In the ongoing fight against drug addiction, researchers from the University of Pennsylvania’s School of Nursing and Perelman School of Medicine have discovered a unique application for an FDA-approved drug currently used for obese patients and type 2 diabetics: treatment for cocaine dependence.
The drug, trade name Byetta, derives from a naturally occurring hormone called glucagon-like peptide-1, or GLP-1, which regulates feeding behavior. Knowing what they did about GLP-1, Matthew Hayes and Heath Schmidt, of Nursing and of Psychiatry, and Bart De Jonghe, of Nursing, turned to it as a possible treatment for cocaine addicts.
Previously, Hayes, whose primary appointment is at the Perelman School of Medicine, had completed a GLP-1 study comparing consumption of palatable food to normal chow: as Schmidt put it, a burger and fries versus a salad. Activation of GLP-1 receptors in a specific part of the brain, according to this work, reduced intake of that burger meal but did nothing, good or bad, to salad consumption. Additionally, previous literature showed an overlap between the neural circuits that influence feeding and drug taking.
With this groundwork laid, the researchers formulated a straightforward hypothesis. “If GLP-1 regulates intake of palatable food, then perhaps it also regulates consumption of cocaine,” Schmidt said. “That was it in a nutshell.”
The hypothesis turned out to be true. In a two-and-a-half year study of rats, the trio showed that when they activated GLP-1 receptors in the region of the brain that deals with reward behavior, called the ventral tegmental area, or VTA, the animals self-administered less cocaine. It’s the first time such a role has been shown for GLP-1 in the brain.
Physiologically, GLP-1 acts similarly in rat brains and human brains. Rather than injecting cocaine, the scientists modeled the way a human would take the drug by offering the study rats a lever to press for intravenous infusions.

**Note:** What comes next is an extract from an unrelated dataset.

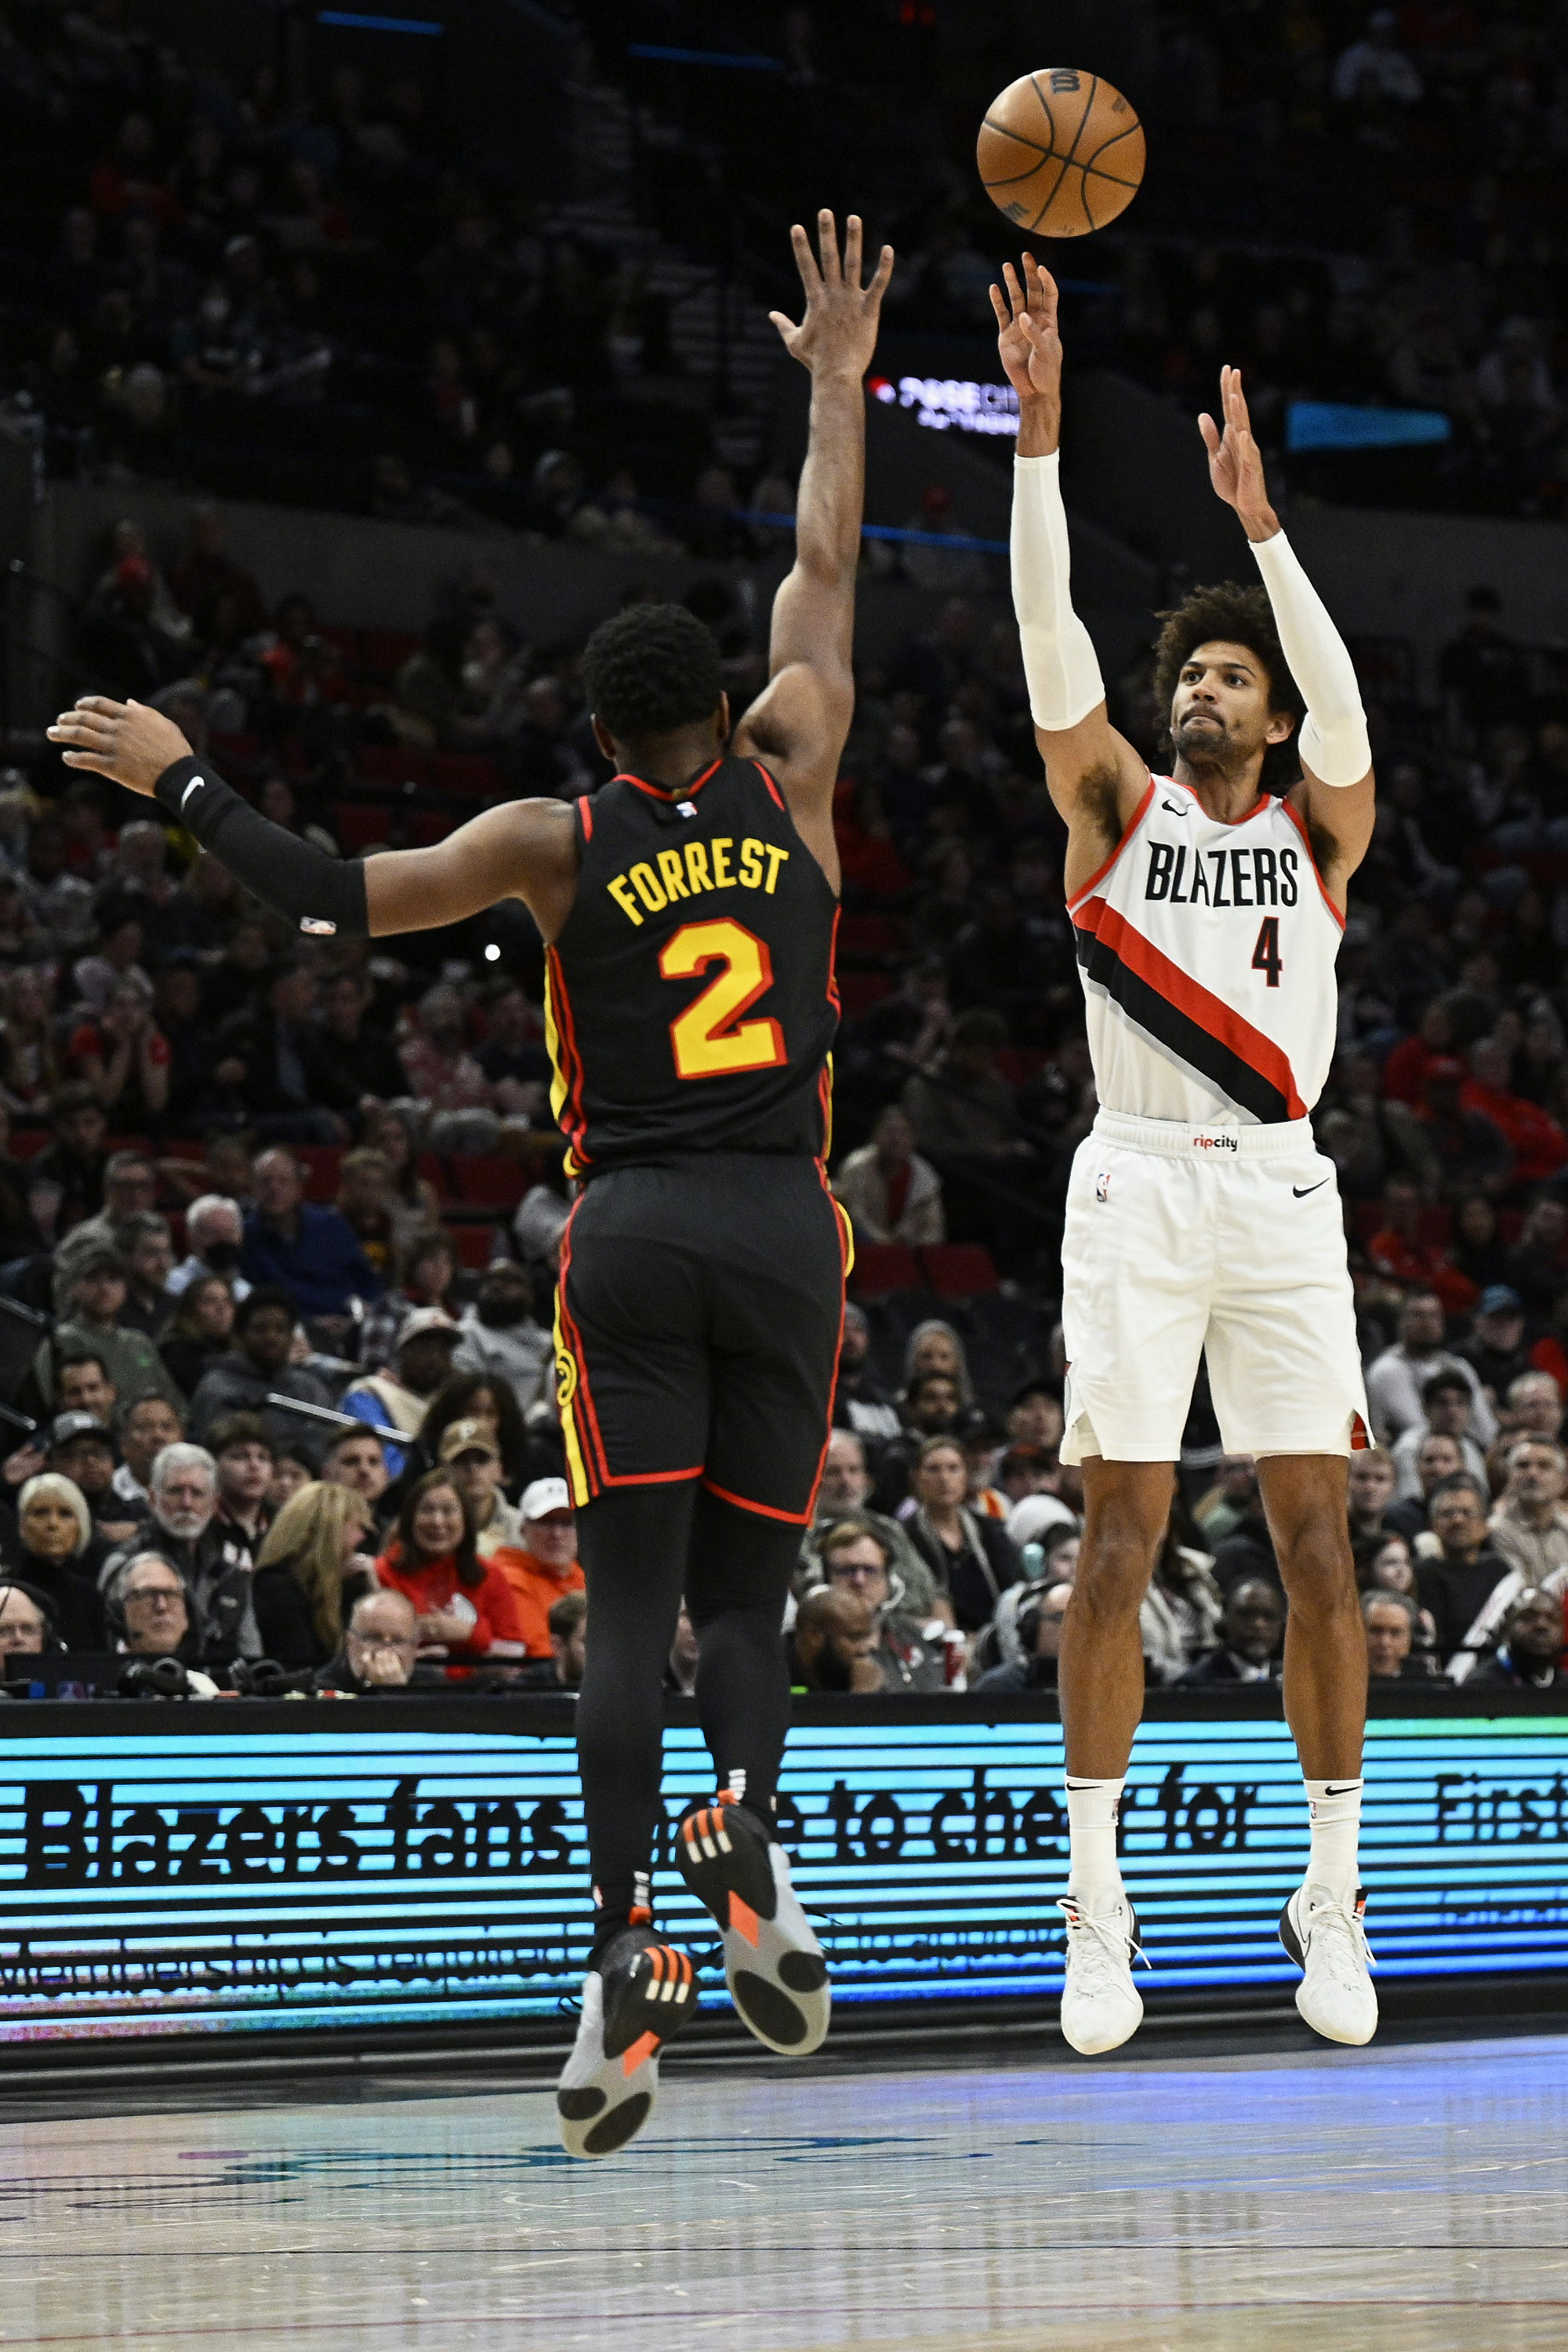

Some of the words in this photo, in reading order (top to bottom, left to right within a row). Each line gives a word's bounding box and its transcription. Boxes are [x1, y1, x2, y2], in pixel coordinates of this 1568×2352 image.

Once the animals stabilized in their drug-taking regimen, the researchers introduced the GLP-1 receptor agonist directly into the brain.
“We’re looking at what activation of GLP-1 receptors in the VTA does to the animal’s self-administration of cocaine,” Schmidt said. “We were able to show a nice decrease in cocaine self-administration.”
Though no human trials have been completed, something Schmidt acknowledges is still several steps away, there’s one fewer barrier because of the drug’s FDA approval. Clinicians have likely already heard of it, and those with a particular patient population have potentially already prescribed it. The drug, whose side effects are known, has already been proven safe for human use.
Getting to human clinical trials would go a long way toward meeting a long-term goal for Schmidt, who is lead author on a new paper detailing these findings in the Nature journal Neuropsychopharmacology. “Our interest is really to understand how chronic exposure to drugs of abuse changes the brain to produce addiction-like behaviors,” said Schmidt, who has also authored another similiar paper, about nicotine and a potential smoking-cessation medication.
To move forward the GLP-1 project specifically, Schmidt said the team plans to next focus on the pathway it follows in the brain.
“That gets into a systems neuroscience approach, into the circuitry underlying the behavior,” he said. “It’s really provocative…. We talk about the VTA and the reward circuit that drives cocaine taking. But there’s also this pathway that cocaine is activating that’s functioning as a ‘brake’ to try and stop or reduce the behavior.”
There are more pieces of the puzzle to solve. But, if this research continues to progress successfully, those working to treat cocaine addiction may soon have another option in their toolkit.